## Prompt
Every line of the listing below should be written out exactly, minus its pictures.

## Task input
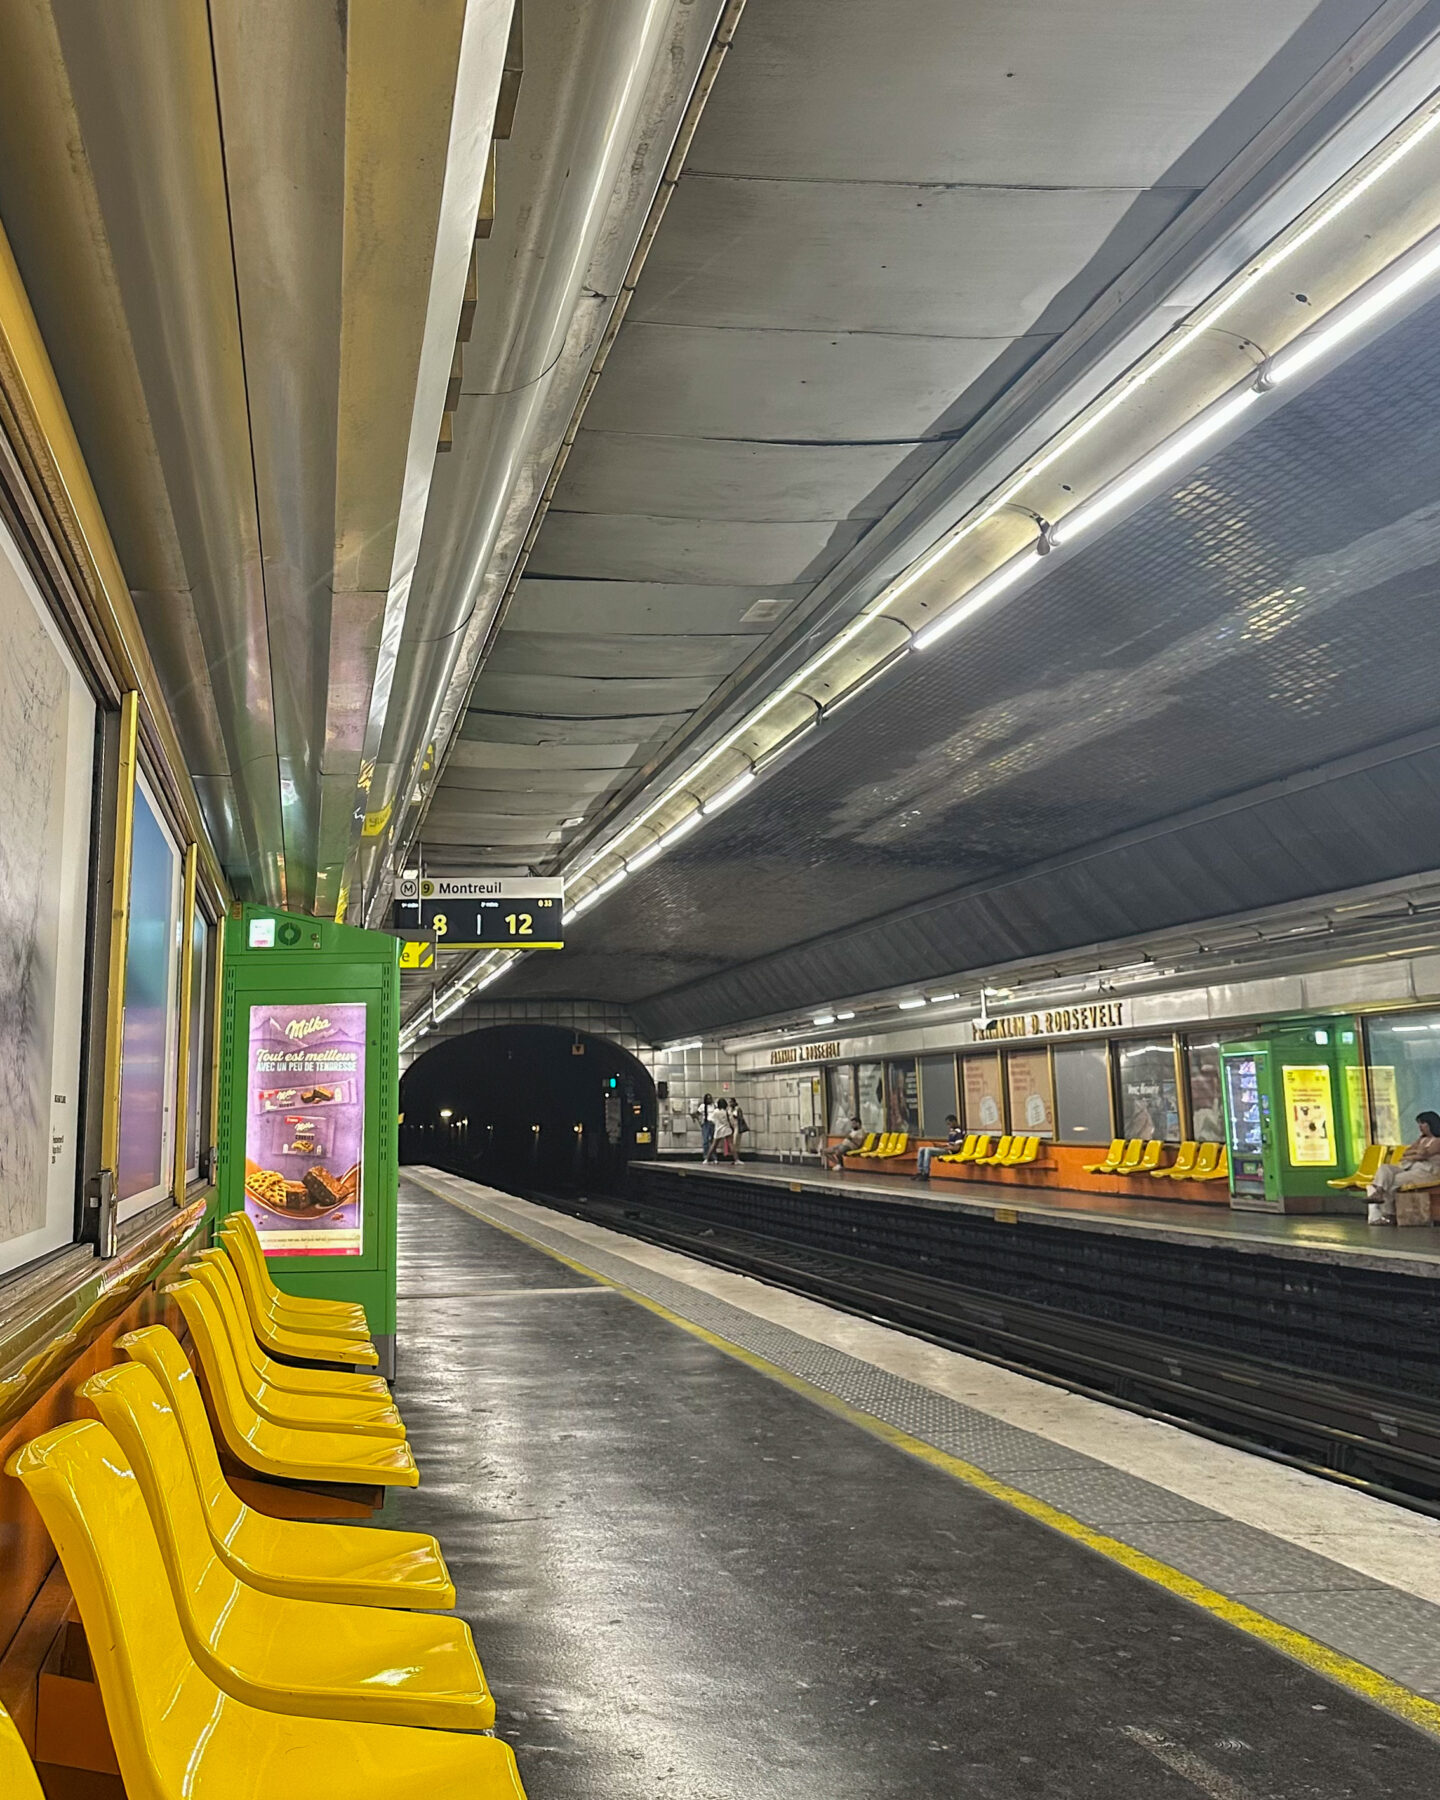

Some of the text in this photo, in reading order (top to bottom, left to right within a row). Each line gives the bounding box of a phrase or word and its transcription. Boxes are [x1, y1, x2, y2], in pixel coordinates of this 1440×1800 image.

[439, 882, 502, 894] Montreuil
[432, 914, 448, 936] 8
[504, 914, 533, 935] 12
[284, 1016, 331, 1039] Milka
[1045, 1002, 1123, 1033] ROOSEVELT
[256, 1048, 357, 1062] Tout est meilleur
[256, 1062, 275, 1072] AVEC
[277, 1062, 287, 1072] UN
[288, 1062, 302, 1071] PEU
[304, 1062, 314, 1071] DE
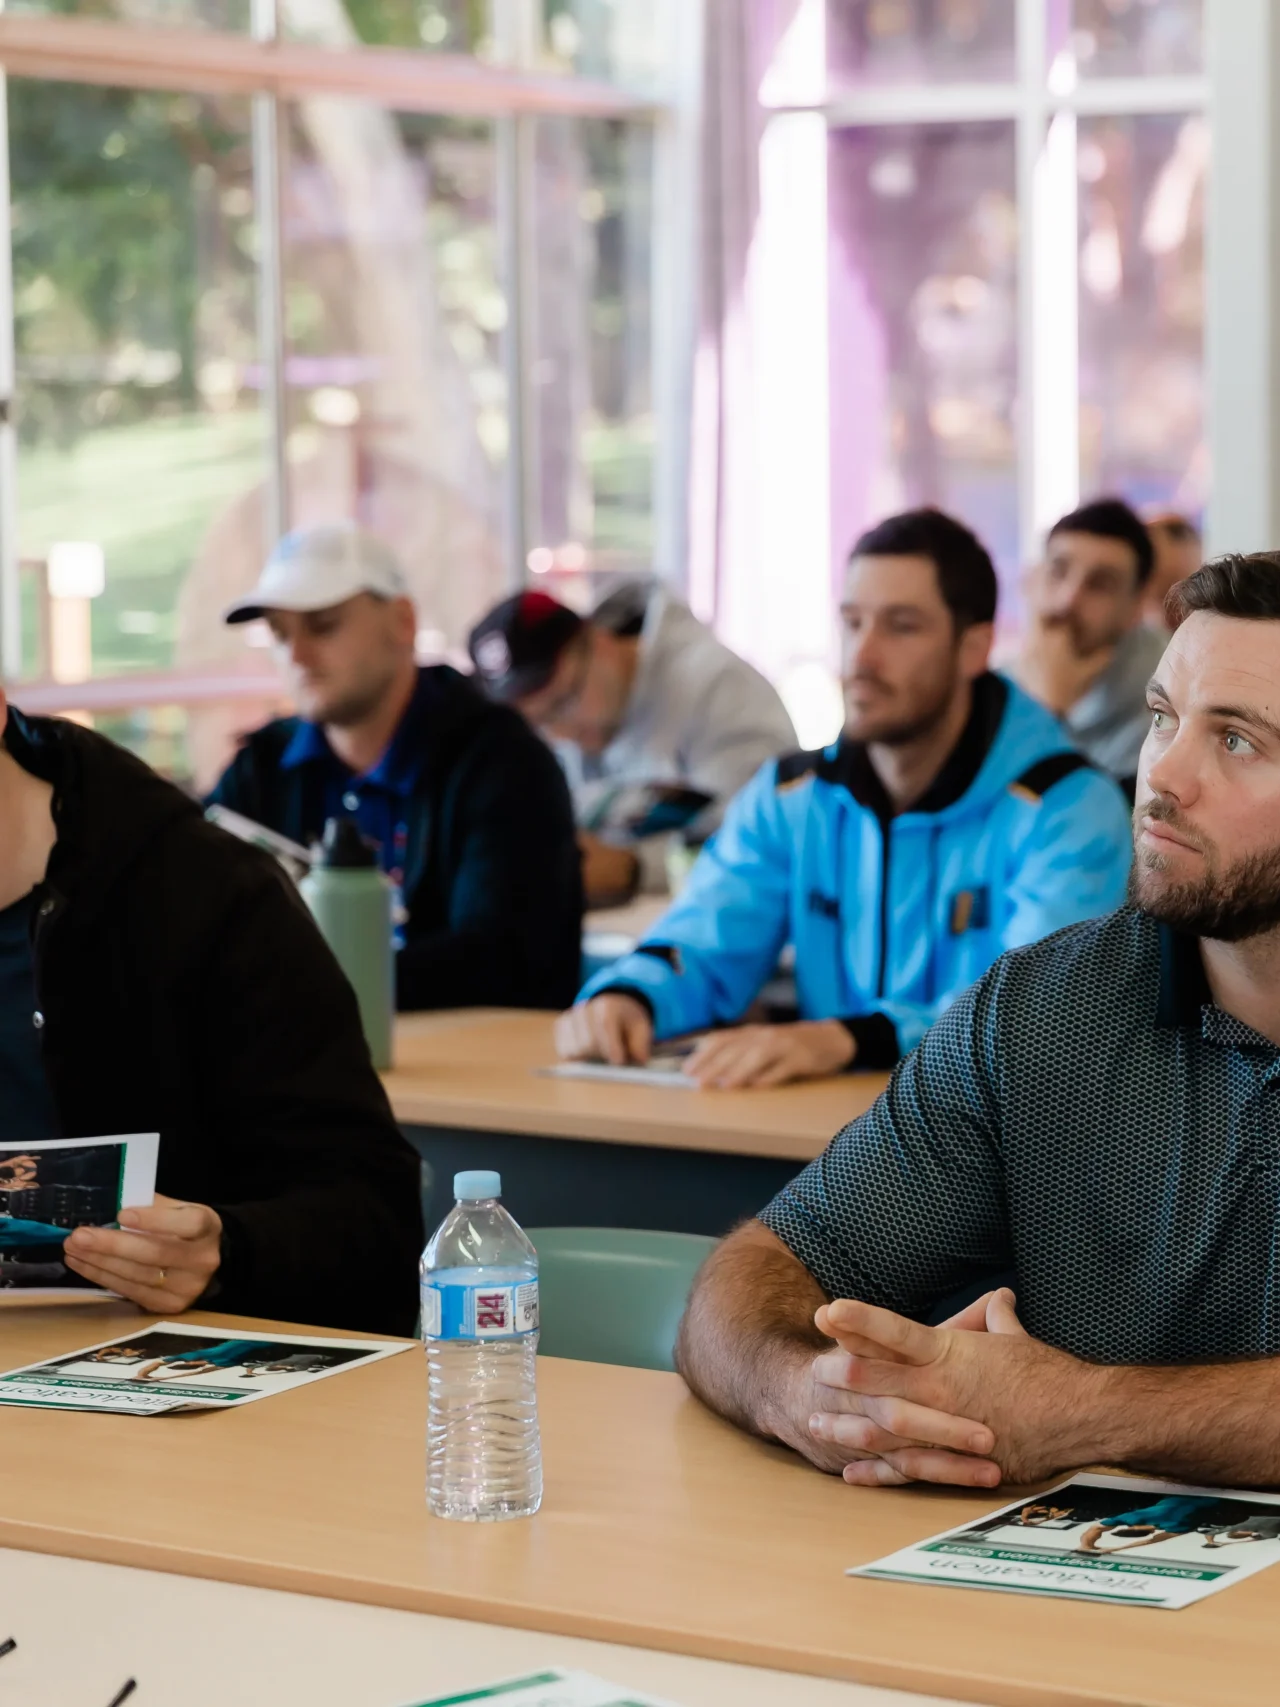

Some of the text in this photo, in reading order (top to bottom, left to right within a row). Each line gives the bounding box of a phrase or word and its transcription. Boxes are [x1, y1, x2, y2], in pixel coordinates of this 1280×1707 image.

[12, 1376, 229, 1399] Exercise Progression Chart
[939, 1545, 1204, 1579] Exercise Progression Chart

## Your response
Some of the text in this photo, in reading order (top to bottom, left to right within a row). Each line gives the bounding box of a phrase or word and its transcription. Boxes are [x1, y1, x2, y2], in pixel coordinates of this 1440×1800 image.

[439, 882, 502, 894] Montreuil
[432, 914, 448, 936] 8
[504, 914, 533, 935] 12
[284, 1016, 331, 1039] Milka
[1045, 1002, 1123, 1033] ROOSEVELT
[256, 1048, 357, 1062] Tout est meilleur
[256, 1062, 275, 1072] AVEC
[277, 1062, 287, 1072] UN
[288, 1062, 302, 1071] PEU
[304, 1062, 314, 1071] DE

Some of the text in this photo, in reading order (top to bottom, left to right within a row). Each line gives the bounding box of a phrase or word and its transcription. Boxes are [x1, y1, x2, y2], in pixel coordinates of this 1280×1707 image.

[12, 1376, 229, 1399] Exercise Progression Chart
[939, 1545, 1204, 1579] Exercise Progression Chart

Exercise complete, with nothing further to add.